Scaling Namespaces and Optimizing Data Storage
Also available as:
PDF
loading table of contents...

Caching terminology

A cache directive defines the path to cache while a cache pool manages groups of cache directives.

Cache directive

Defines the path to be cached. Paths can point either directories or files. Directories are cached non-recursively, meaning only files in the first-level listing of the directory will be cached.

Cache directives also specify additional parameters, such as the cache replication factor and expiration time. The replication factor specifies the number of block replicas to cache. If multiple cache directives refer to the same file, the maximum cache replication factor is applied.

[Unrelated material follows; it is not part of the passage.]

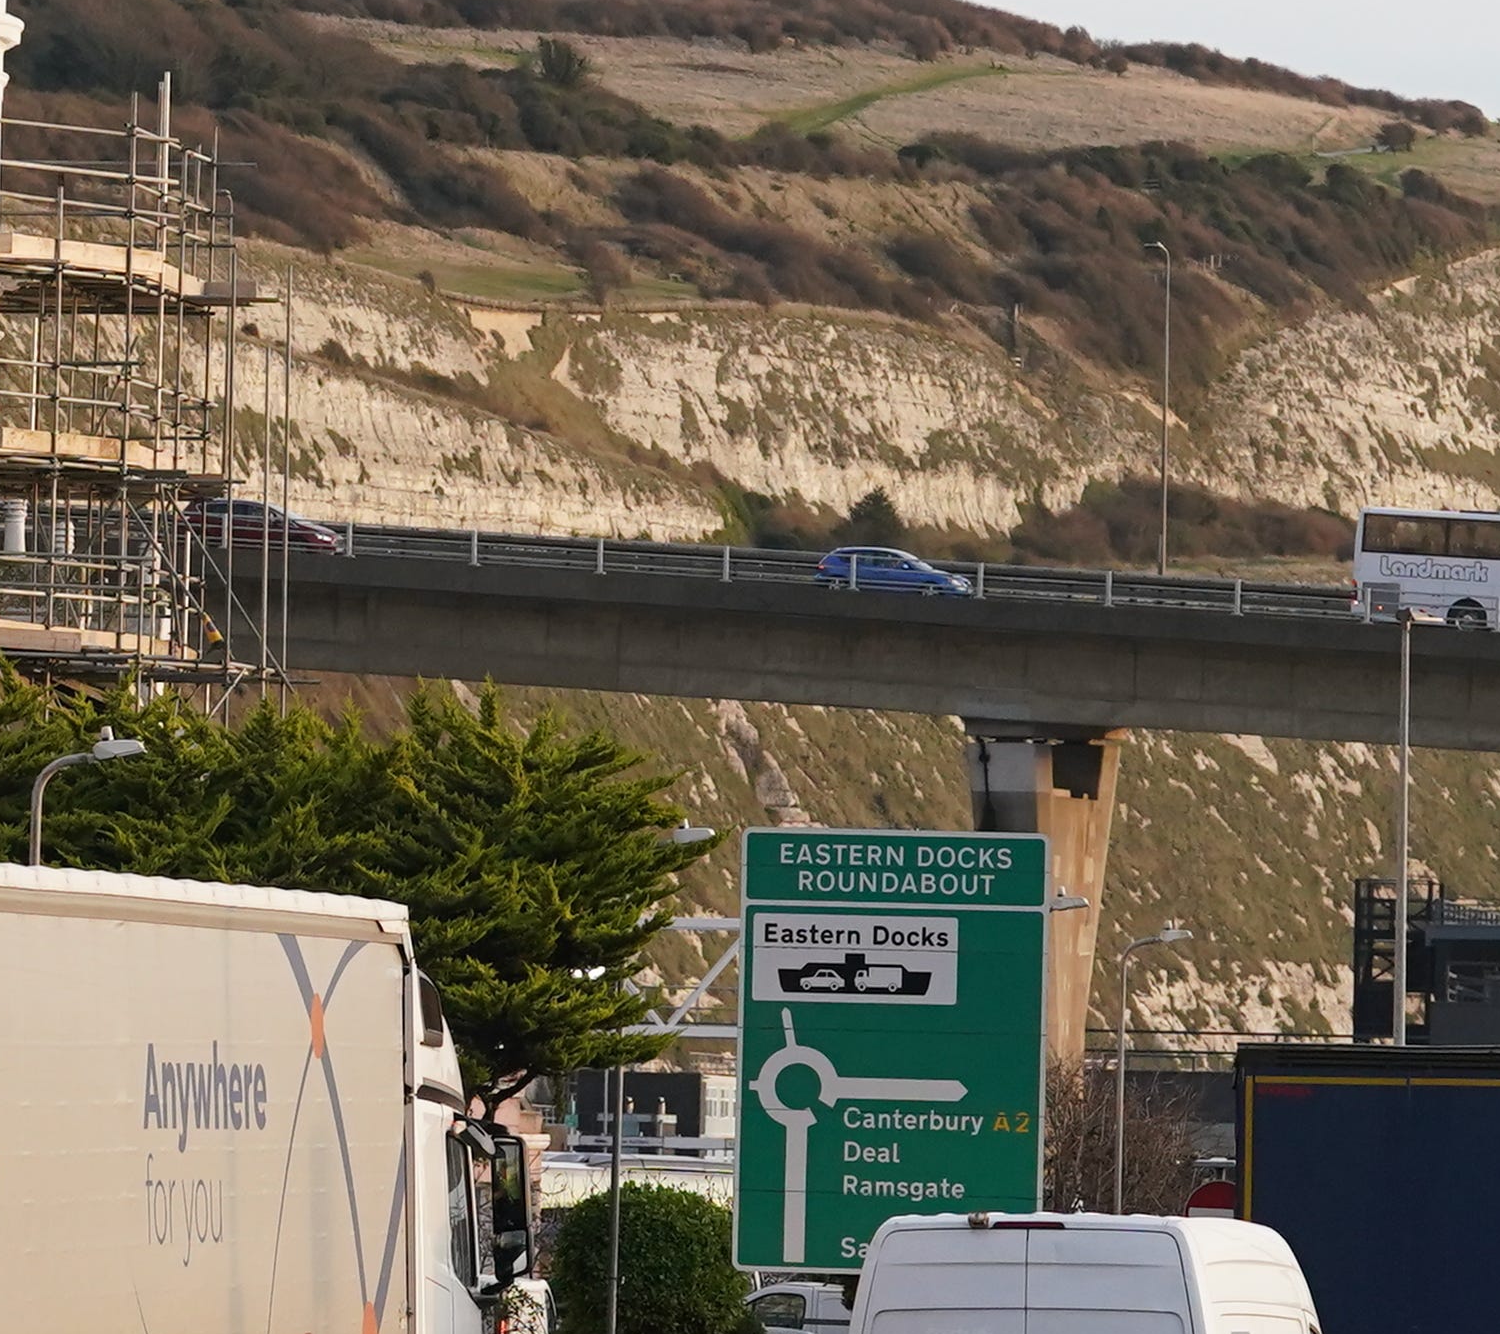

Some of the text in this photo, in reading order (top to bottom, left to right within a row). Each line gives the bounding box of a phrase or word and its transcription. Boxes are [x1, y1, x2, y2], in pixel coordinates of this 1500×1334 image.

The expiration time is specified on the command line as a time-to-live (TTL), which represents a relative expiration time in the future. After a cache directive expires, it is no longer taken into consideration by the NameNode when making caching decisions.

Cache pool

An administrative entity that manages groups of cache cirectives. Cache pools have UNIX-like permissions that restrict which users and groups have access to the pool. Write permissions allow users to add and remove cache directives to the pool. Read permissions allow users to list the Cache Directives in a pool, as well as additional metadata. Execute permissions are unused.

Cache pools are also used for resource management. Cache pools can enforce a maximum memory limit, which restricts the aggregate number of bytes that can be cached by directives in the pool. Normally, the sum of the pool limits will approximately equal the amount of aggregate memory reserved for HDFS caching on the cluster. Cache pools also track a number of statistics to help cluster users track what is currently cached, and to determine what else should be cached.

Cache pools can also enforce a maximum time-to-live. This restricts the maximum expiration time of directives being added to the pool.